Da ich gestern und heute Nachmittag verschont worden bin, gehe ich davon aus, dass es mich aber morgen doch mal trifft (die Wahl hat man halt nicht; man wird abgefangen…) – was ungünstig wäre. Privat wird die Woche nämlich noch spannend. Morgen Abend telefoniere ich nochmal mit dem Seelsorger und ich wollte den eigentlich nicht zu völlig unchristlichen Zeiten anrufen. Vor einigen Tagen hatte ich ihn mal auf seinem Diensttelefon angerufen und wollte mich erkundigen, wie es ihm geht. Viel falsch machen kann ich ja nicht, dachte ich mir. Wenn er da ist, dann nimmt er es mir sicher nicht übel und wenn er nicht da ist, kann ich mir immer noch überlegen, was ich mache. Was ich nicht wusste war, dass er sich aktuell sämtliche Anrufe nach Hause umleiten lässt. Mein Gefühl war nicht so falsch – es geht ihm tatsächlich nicht besonders gut. Wie die ganze Sache ausgehen wird, ist noch ziemlich ungewiss, aber das nimmt mich schon wirklich mit, muss ich sagen.  Mal sehen, was er morgen erzählt… - wenn ich denn dazu komme… 

Donnerstag telefoniere ich mit der Personalabteilung über den Job in der Neuro. Es geht um den zeitlichen Ablauf und den Tarifvertrag, den er mir erklären möchte. Zeitlicher Ablauf… - eine Kommilitonin berichtete mir, dass nach der Approbation sofort irgendwelche Versicherungskosten auf mich zukommen – davon habe ich ja noch nie etwas gehört. Ich habe halt vor, eine Lücke für den Klinikaufenthalt zu lassen, aber das ist eben ein Alleingang. Meine Familie weiß nichts davon, da sie es ohnehin wieder vereiteln würden. Und ich habe ehrlich gesagt noch keine Ahnung, wie ich das finanziell überbrücken möchte.
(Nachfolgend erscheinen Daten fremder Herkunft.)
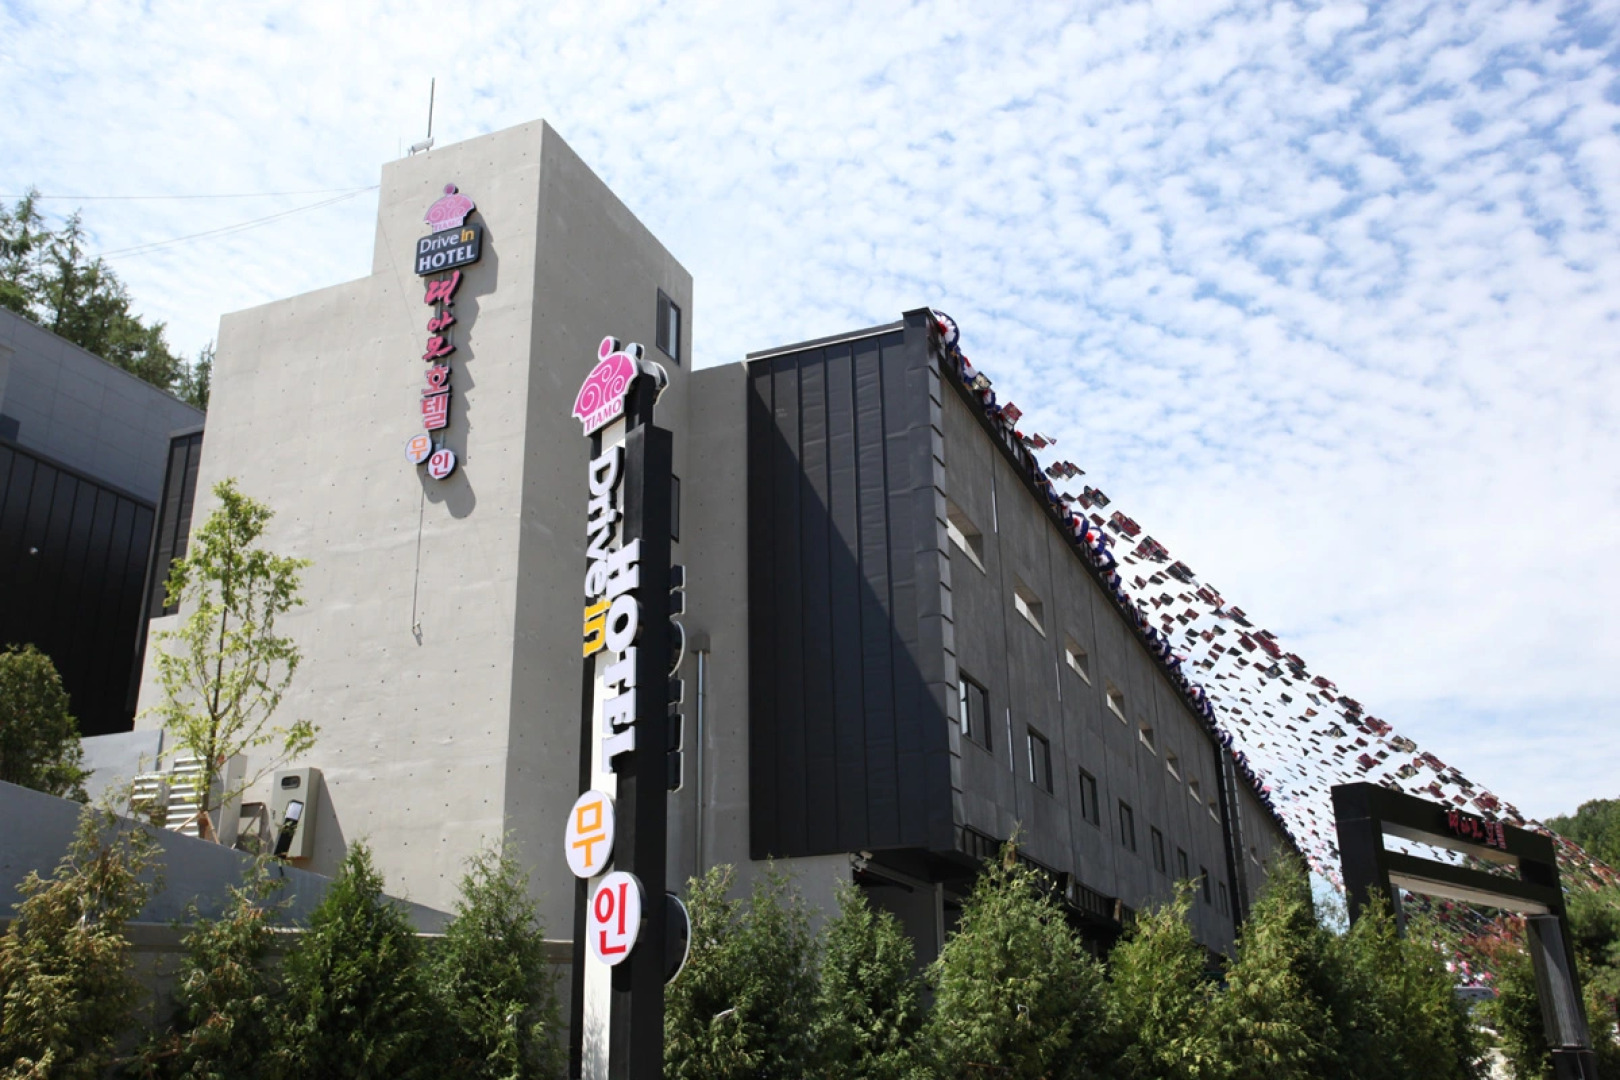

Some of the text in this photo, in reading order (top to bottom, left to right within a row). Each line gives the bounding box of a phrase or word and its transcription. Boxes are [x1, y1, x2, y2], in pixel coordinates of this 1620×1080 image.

Vor ein paar Tagen wurde der Semesterbeitrag fällig – das ist mittlerweile so viel, dass ich davon 10 Wochen Lebensmittel kaufen könnte – das hat schon wieder ein tiefes Loch in die Finanzen gerissen. Diesen Monat funktioniert es ohnehin nicht, aber sonst muss ich zusehen, dass ich am Ende des Monats ohne Minus raus komme, was so gut wie unmöglich ist. Manchmal frage ich mich, wie die anderen das so machen. Ich bin wirklich die Einzige, die mittags ihr Essen selbst mitbringt – die anderen essen alle in der Mensa. Aber wenn ich das überschlage, wie viele Zusatzkosten das pro Monat wären dort jeden Tag zu essen, ist es echt nicht drin.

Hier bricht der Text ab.